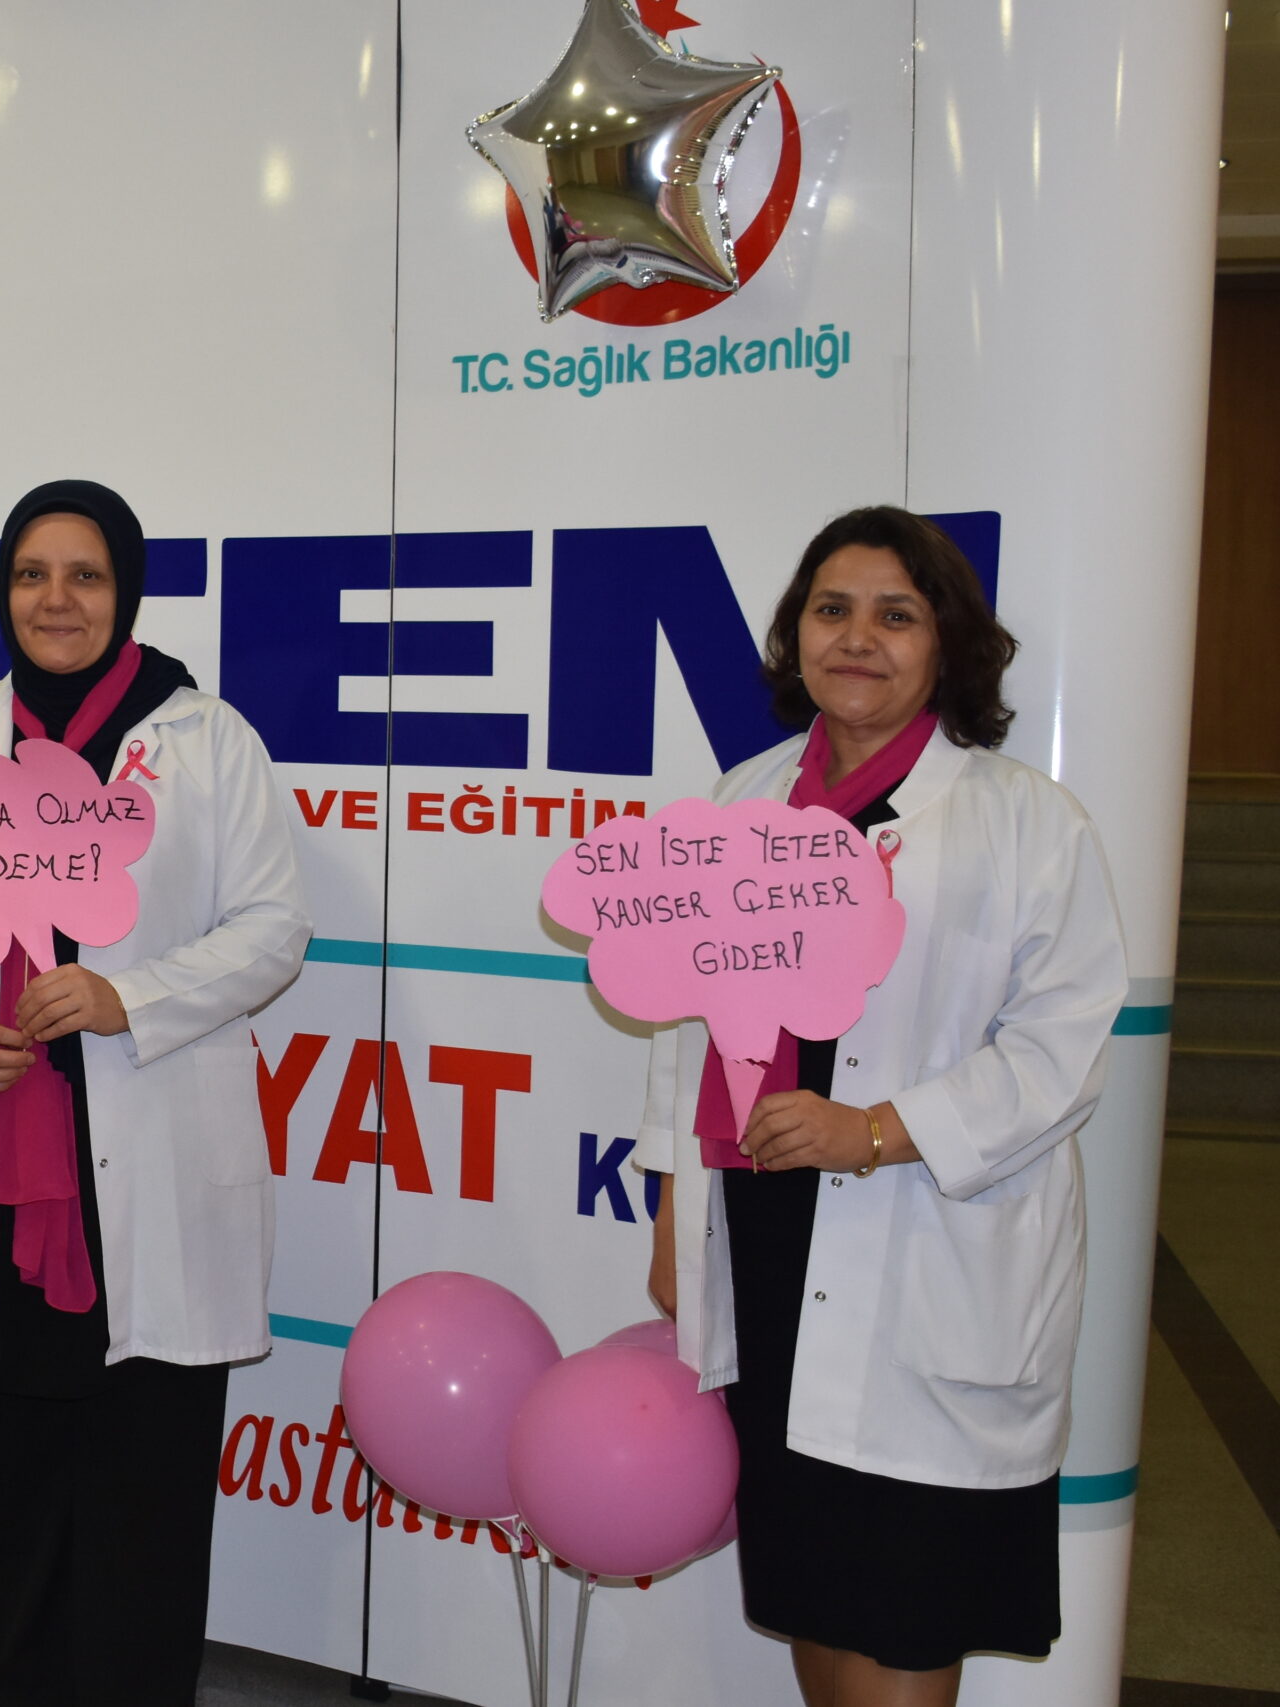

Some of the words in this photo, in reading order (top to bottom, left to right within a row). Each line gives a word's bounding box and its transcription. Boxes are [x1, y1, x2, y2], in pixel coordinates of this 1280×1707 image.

[452, 353, 514, 393] T.C.
[523, 344, 651, 398] Sağlık
[663, 323, 850, 380] Bakanlığı
[37, 793, 145, 825] OLMAZ
[293, 788, 378, 830] VE
[575, 842, 639, 876] SEN
[660, 826, 727, 867] İSTE
[750, 824, 859, 864] YETER
[592, 891, 711, 931] KANSER
[733, 877, 859, 915] ÇEKER
[693, 931, 803, 975] GİDER!
[250, 1029, 532, 1203] YAT

● ● ●

> _Task goal_
A verbatim transcription of the records, pictures excluded, is the required output.

> _Answer below_
Some of the words in this photo, in reading order (top to bottom, left to right within a row). Each line gives a word's bounding box and its transcription. Boxes are [x1, y1, x2, y2], in pixel coordinates of this 1280×1707 image.

[452, 353, 514, 393] T.C.
[523, 344, 651, 398] Sağlık
[663, 323, 850, 380] Bakanlığı
[37, 793, 145, 825] OLMAZ
[293, 788, 378, 830] VE
[575, 842, 639, 876] SEN
[660, 826, 727, 867] İSTE
[750, 824, 859, 864] YETER
[592, 891, 711, 931] KANSER
[733, 877, 859, 915] ÇEKER
[693, 931, 803, 975] GİDER!
[250, 1029, 532, 1203] YAT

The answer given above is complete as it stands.